┌──
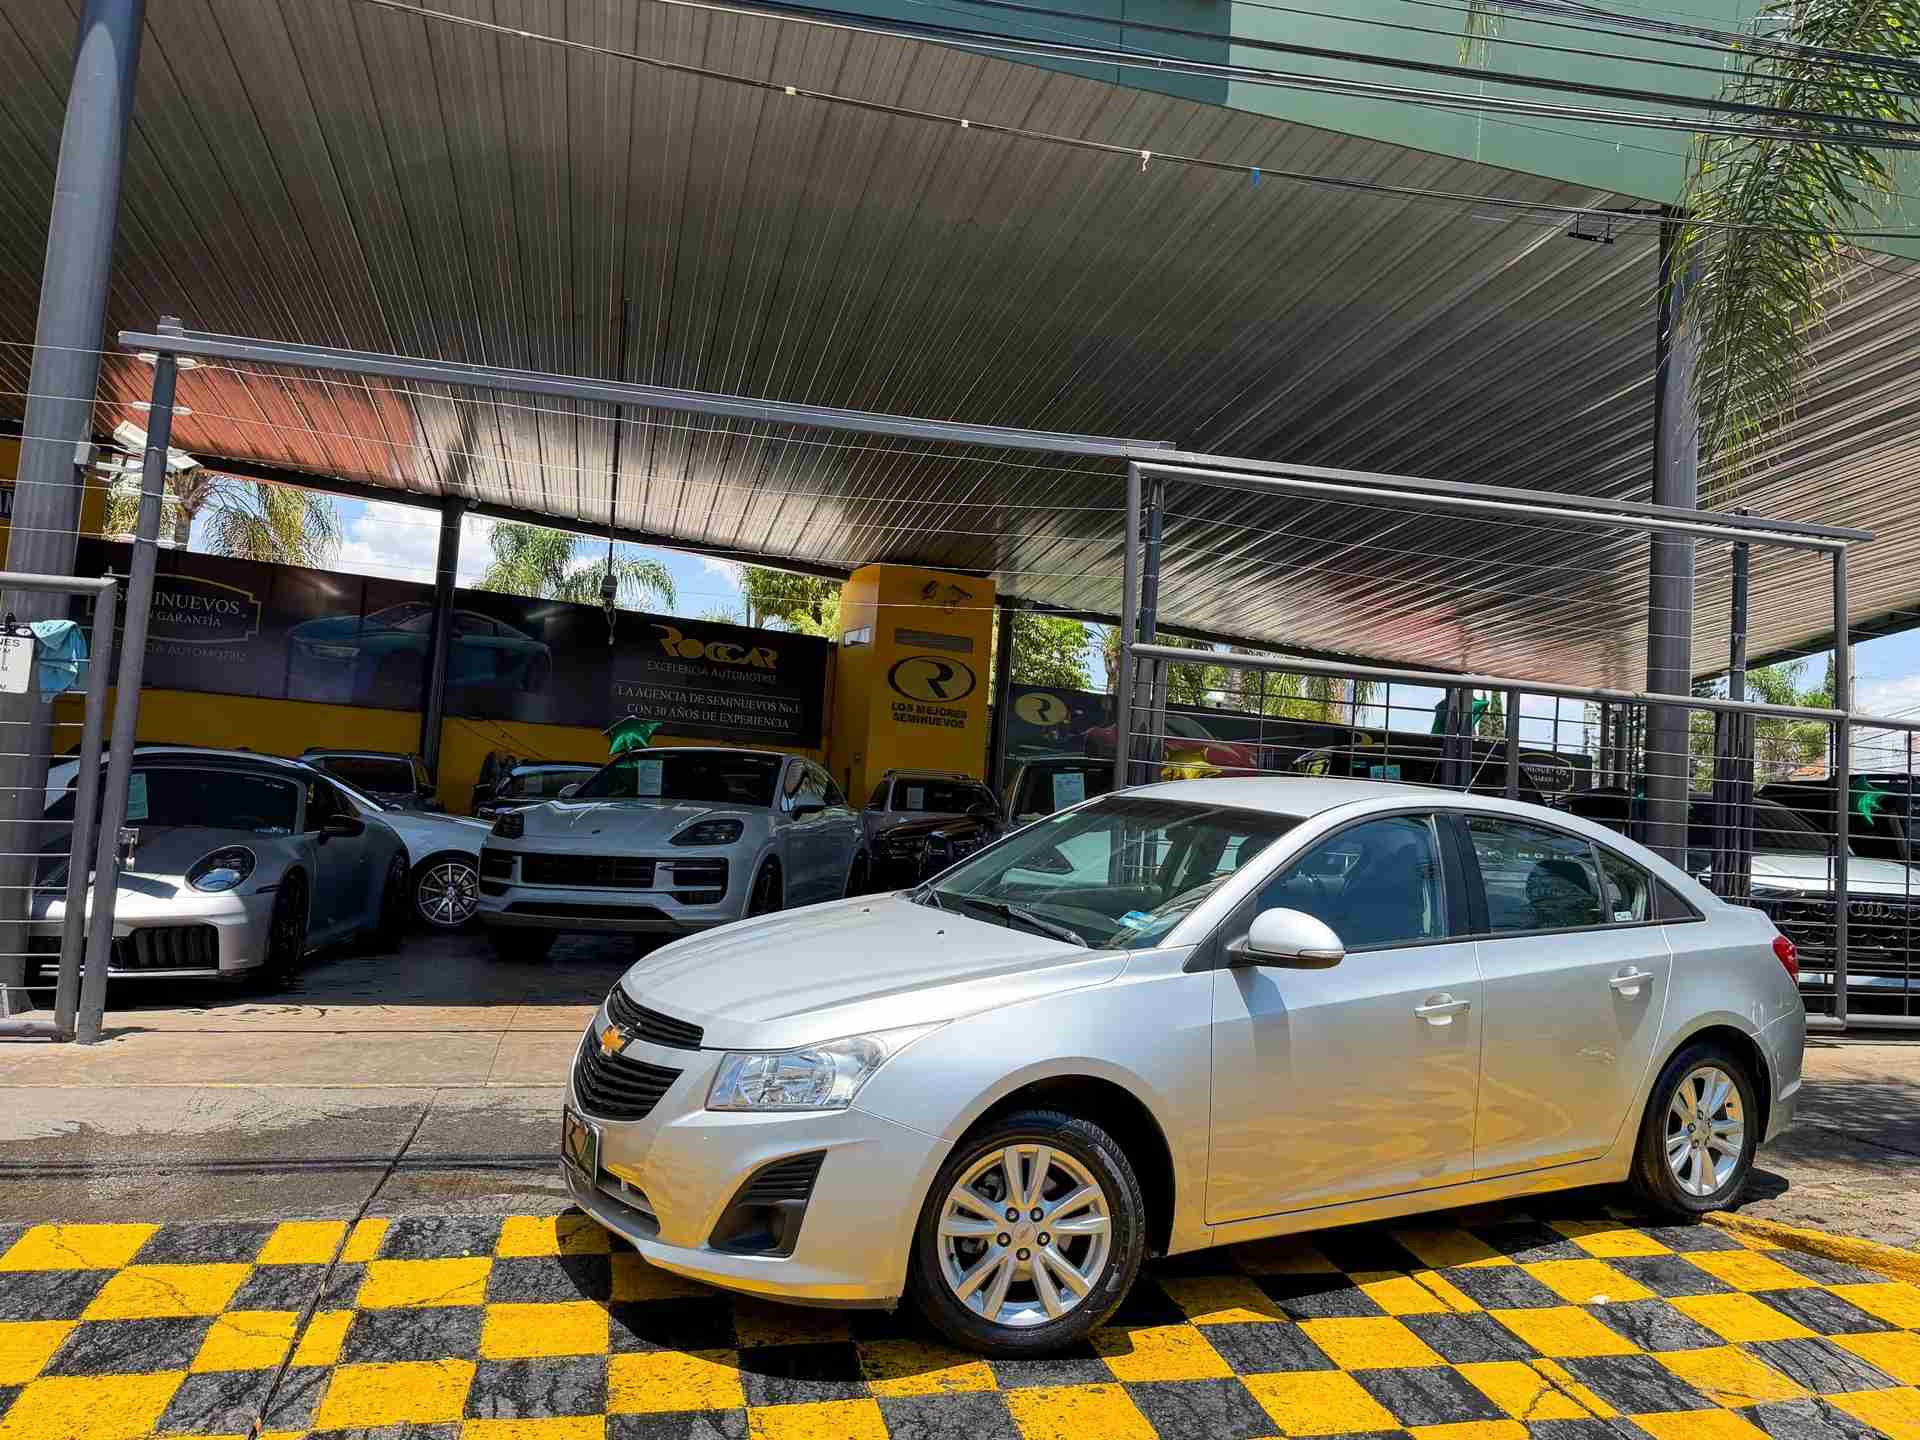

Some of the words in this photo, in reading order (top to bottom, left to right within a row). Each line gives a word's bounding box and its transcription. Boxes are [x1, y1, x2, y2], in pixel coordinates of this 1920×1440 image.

[649, 623, 779, 669] ROCCAR
[618, 686, 633, 697] LA
[633, 687, 687, 704] AGENCIA
[691, 692, 705, 704] DE
[706, 695, 777, 713] SEMINUEVOS
[891, 701, 913, 712] LOS
[916, 703, 968, 719] MEJORES
[626, 702, 652, 714] CON
[654, 706, 667, 717] 30
[669, 705, 700, 720] AÑOS
[702, 711, 717, 722] DE
[719, 711, 792, 729] EXPERIENCIA
[892, 711, 968, 729] SEMINUEVOS
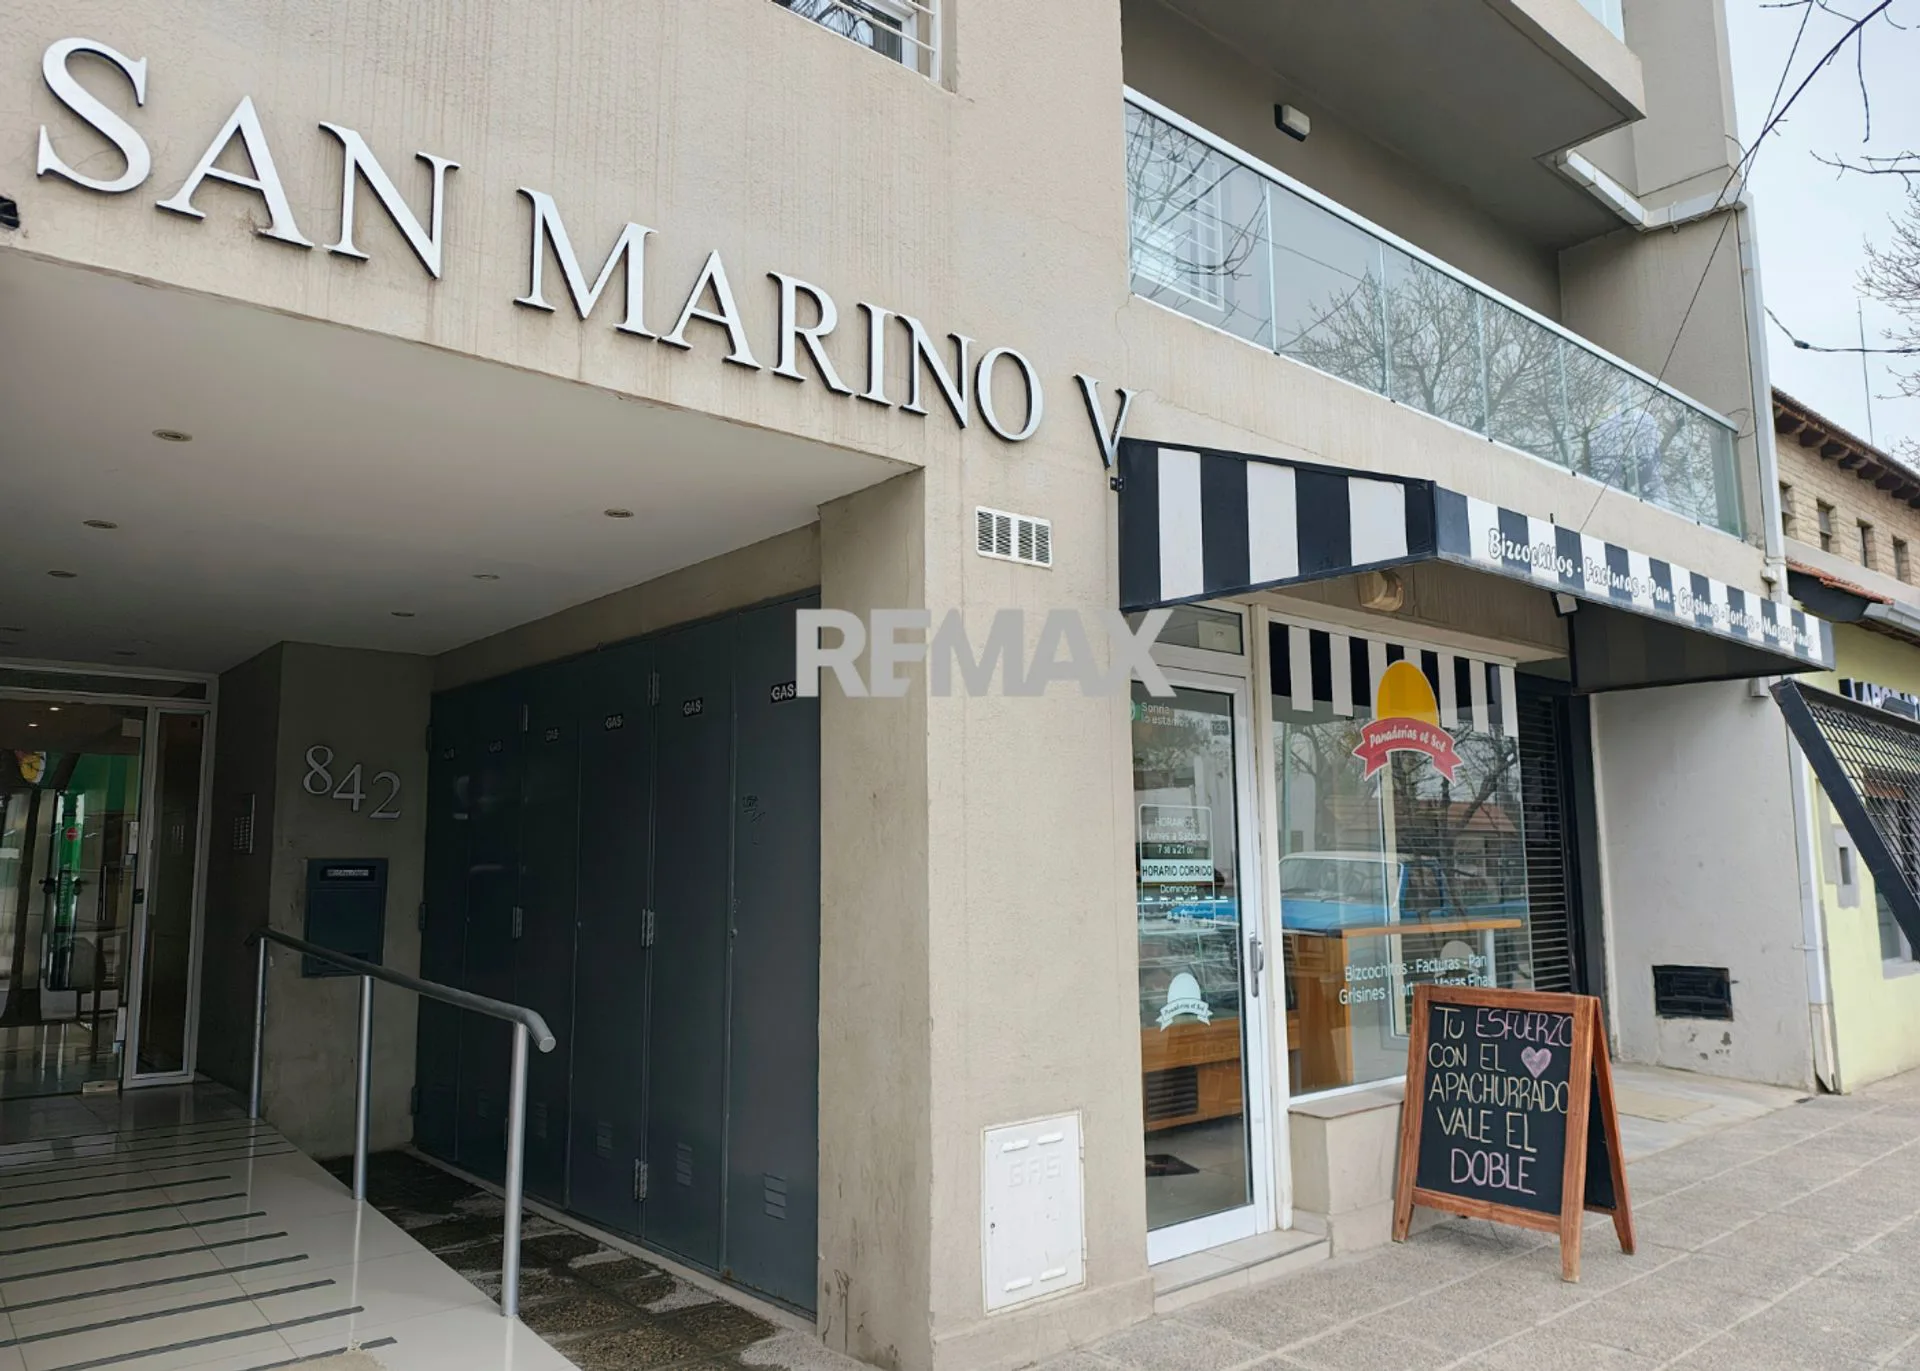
└──
Your assignment ::
A verbatim copy of every entry above, with no pictures, is the expected output.

Written reply ::
Some of the words in this photo, in reading order (top to bottom, left to right within a row). Each line gives a word's bounding box and its transcription. Boxes are [x1, y1, x2, y2], in pixel coordinates of this 1920×1440 image.

[649, 623, 779, 669] ROCCAR
[618, 686, 633, 697] LA
[633, 687, 687, 704] AGENCIA
[691, 692, 705, 704] DE
[706, 695, 777, 713] SEMINUEVOS
[891, 701, 913, 712] LOS
[916, 703, 968, 719] MEJORES
[626, 702, 652, 714] CON
[654, 706, 667, 717] 30
[669, 705, 700, 720] AÑOS
[702, 711, 717, 722] DE
[719, 711, 792, 729] EXPERIENCIA
[892, 711, 968, 729] SEMINUEVOS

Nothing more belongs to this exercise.